_Supplied entries:_
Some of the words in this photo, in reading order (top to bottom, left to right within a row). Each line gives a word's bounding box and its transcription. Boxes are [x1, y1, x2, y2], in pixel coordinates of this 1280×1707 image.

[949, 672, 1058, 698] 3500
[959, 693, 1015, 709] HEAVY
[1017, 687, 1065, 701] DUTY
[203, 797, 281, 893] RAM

_What you need to do:_ The complete material must be repeated exactly.

_Worked solution:_
Some of the words in this photo, in reading order (top to bottom, left to right within a row). Each line gives a word's bounding box and its transcription. Boxes are [x1, y1, x2, y2], in pixel coordinates of this 1280×1707 image.

[949, 672, 1058, 698] 3500
[959, 693, 1015, 709] HEAVY
[1017, 687, 1065, 701] DUTY
[203, 797, 281, 893] RAM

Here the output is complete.